◆ DATA SUPPLIED:

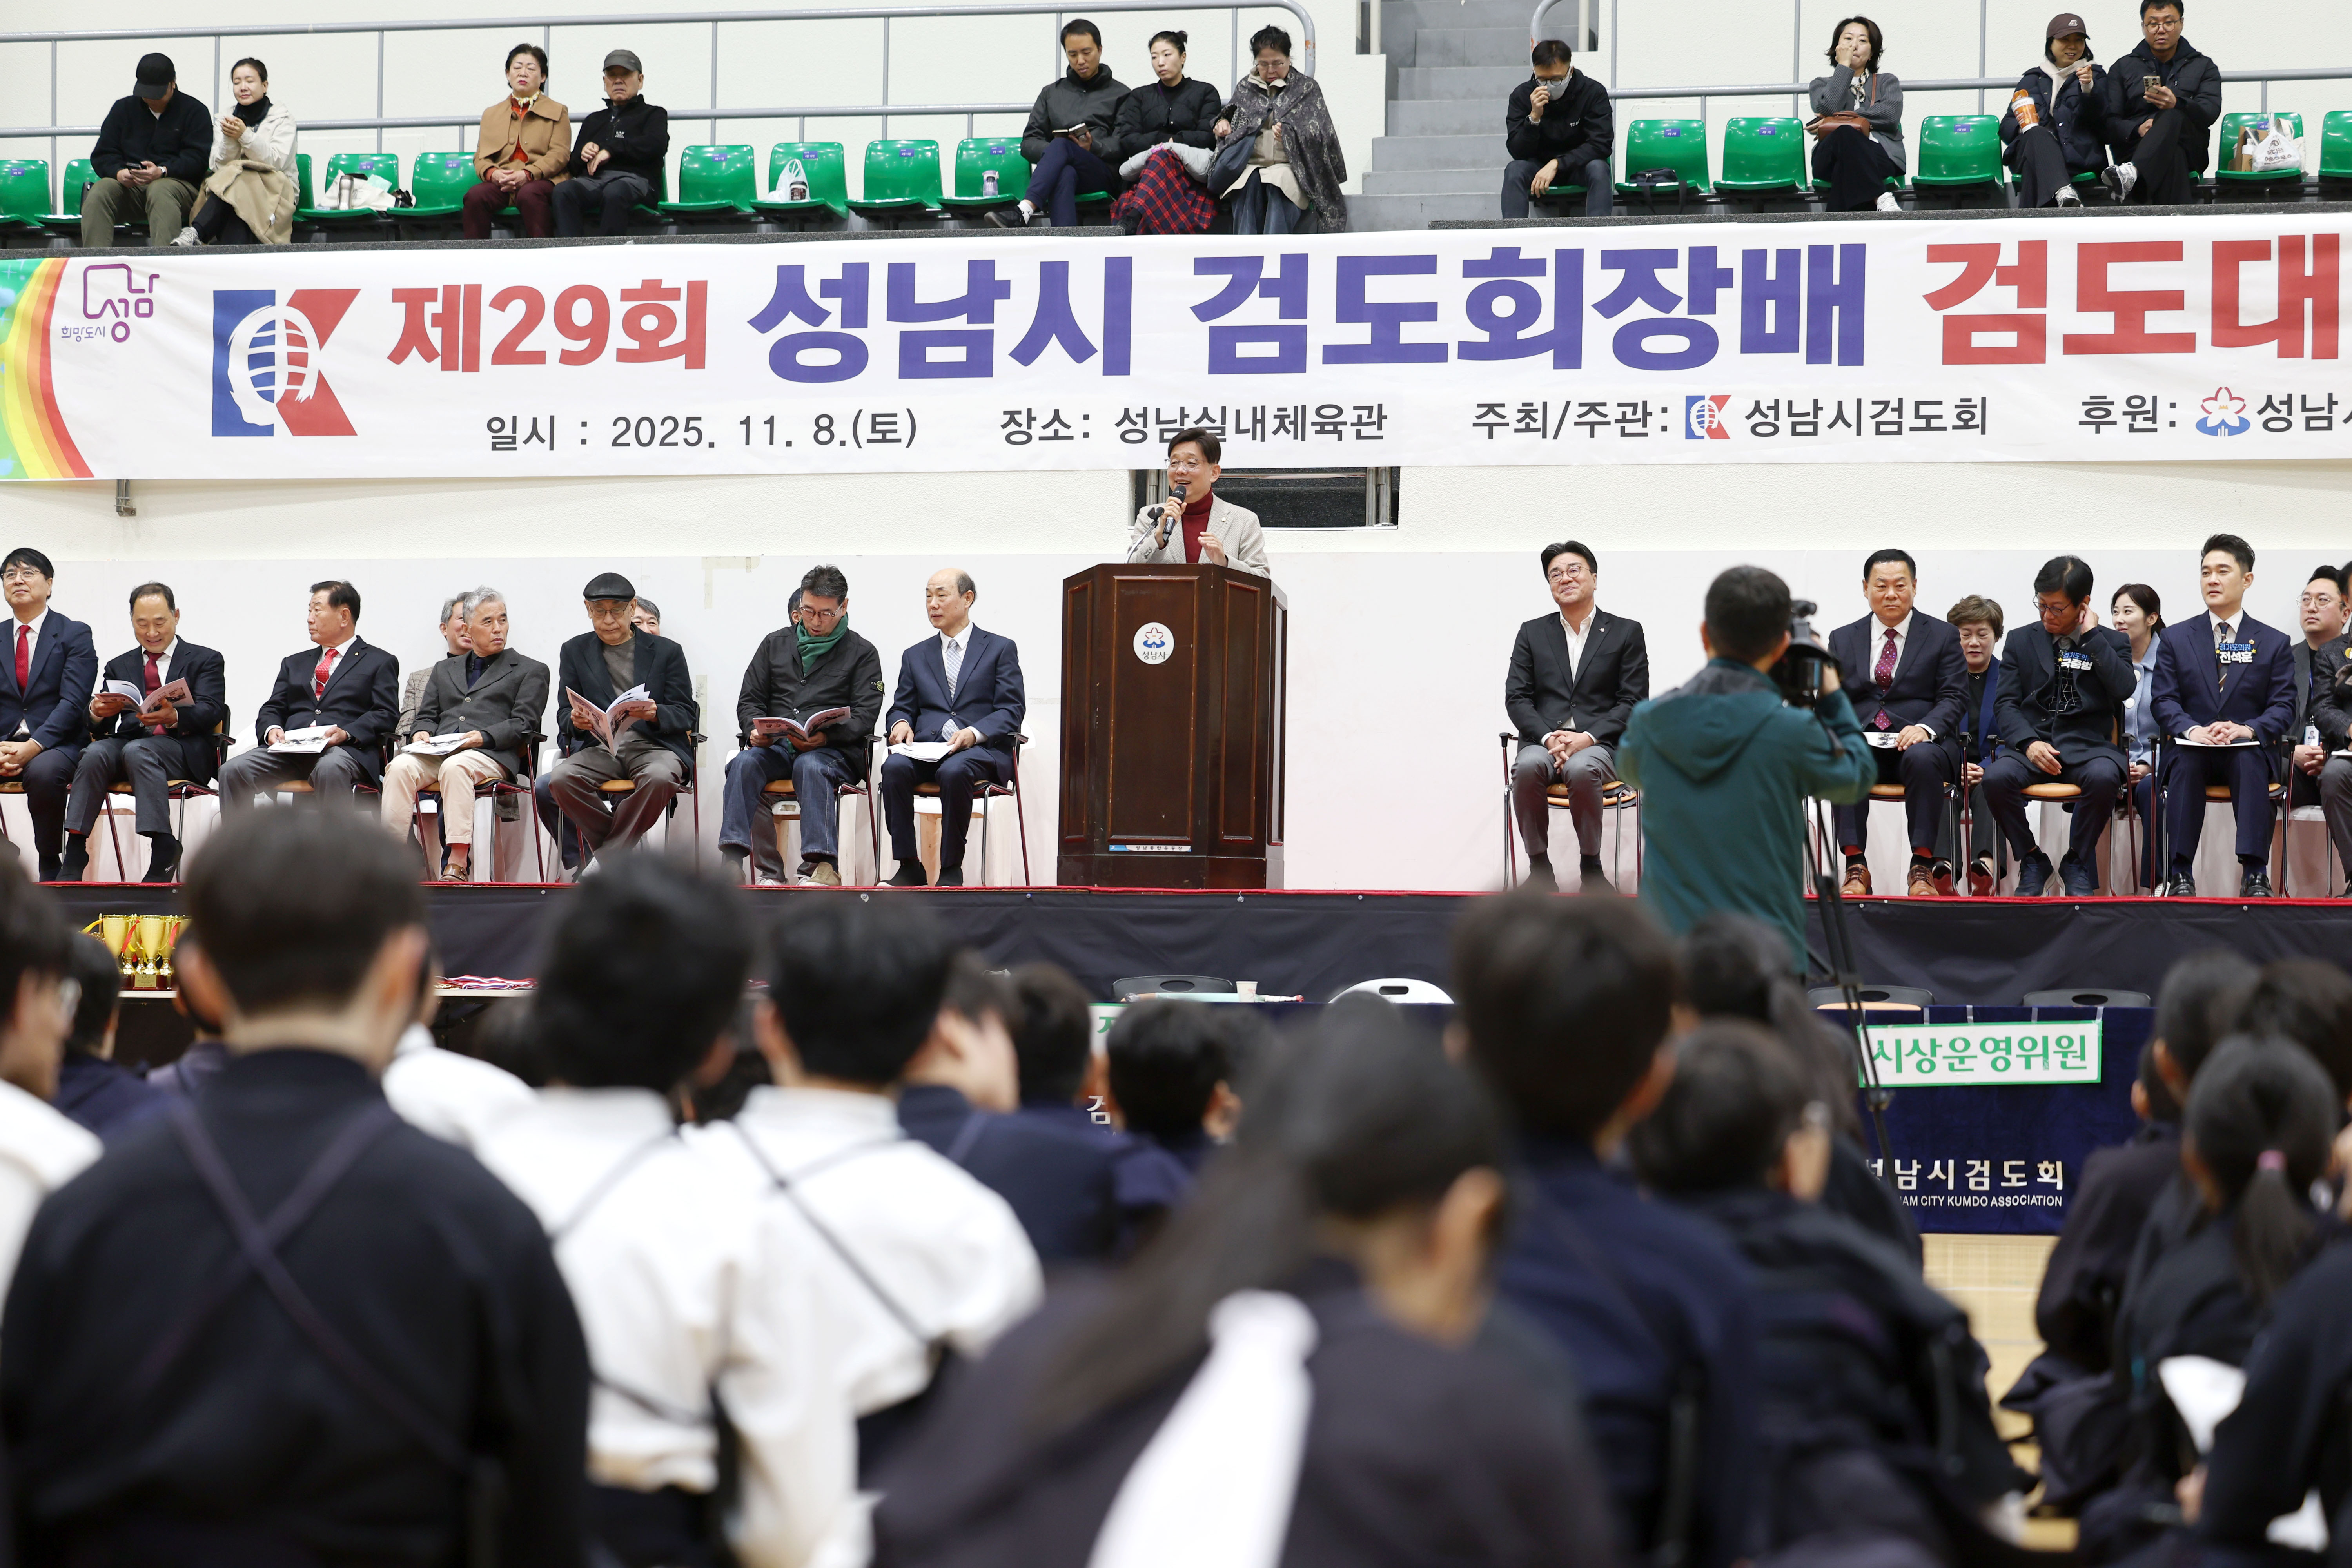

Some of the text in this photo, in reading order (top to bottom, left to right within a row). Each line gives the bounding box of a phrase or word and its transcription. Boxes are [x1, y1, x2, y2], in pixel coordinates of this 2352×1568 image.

[387, 233, 2340, 383] 제29회 성남시 검도회장배 검도대
[62, 326, 105, 342] 희망도시
[1000, 403, 1388, 445] 장소: 성남실내체육관
[1472, 400, 1668, 440] 주최/주관:
[1745, 397, 1986, 437] 성남시검도회
[2079, 392, 2352, 434] 후원: 성남
[486, 415, 556, 451] 일시
[612, 416, 715, 448] 2025.
[740, 415, 792, 447] 11.
[813, 408, 916, 449] 8.(토)
[1142, 651, 1165, 660] 성남시
[2060, 658, 2093, 671] 국중범
[2063, 652, 2091, 661] 경기도의
[2220, 651, 2253, 664] 전석훈
[1873, 1035, 2087, 1074] 시상운영위원
[1921, 1195, 1945, 1207] CITY
[1947, 1196, 1988, 1207] KUMDO
[1990, 1194, 2062, 1207] ASSOCIATION

◆ YOUR OBJECTIVE: The records above are to be quoted exactly, with all pictures left out.

◆ FINISHED TASK:
Some of the text in this photo, in reading order (top to bottom, left to right within a row). Each line gives the bounding box of a phrase or word and its transcription. Boxes are [x1, y1, x2, y2], in pixel coordinates of this 2352×1568 image.

[387, 233, 2340, 383] 제29회 성남시 검도회장배 검도대
[62, 326, 105, 342] 희망도시
[1000, 403, 1388, 445] 장소: 성남실내체육관
[1472, 400, 1668, 440] 주최/주관:
[1745, 397, 1986, 437] 성남시검도회
[2079, 392, 2352, 434] 후원: 성남
[486, 415, 556, 451] 일시
[612, 416, 715, 448] 2025.
[740, 415, 792, 447] 11.
[813, 408, 916, 449] 8.(토)
[1142, 651, 1165, 660] 성남시
[2060, 658, 2093, 671] 국중범
[2063, 652, 2091, 661] 경기도의
[2220, 651, 2253, 664] 전석훈
[1873, 1035, 2087, 1074] 시상운영위원
[1921, 1195, 1945, 1207] CITY
[1947, 1196, 1988, 1207] KUMDO
[1990, 1194, 2062, 1207] ASSOCIATION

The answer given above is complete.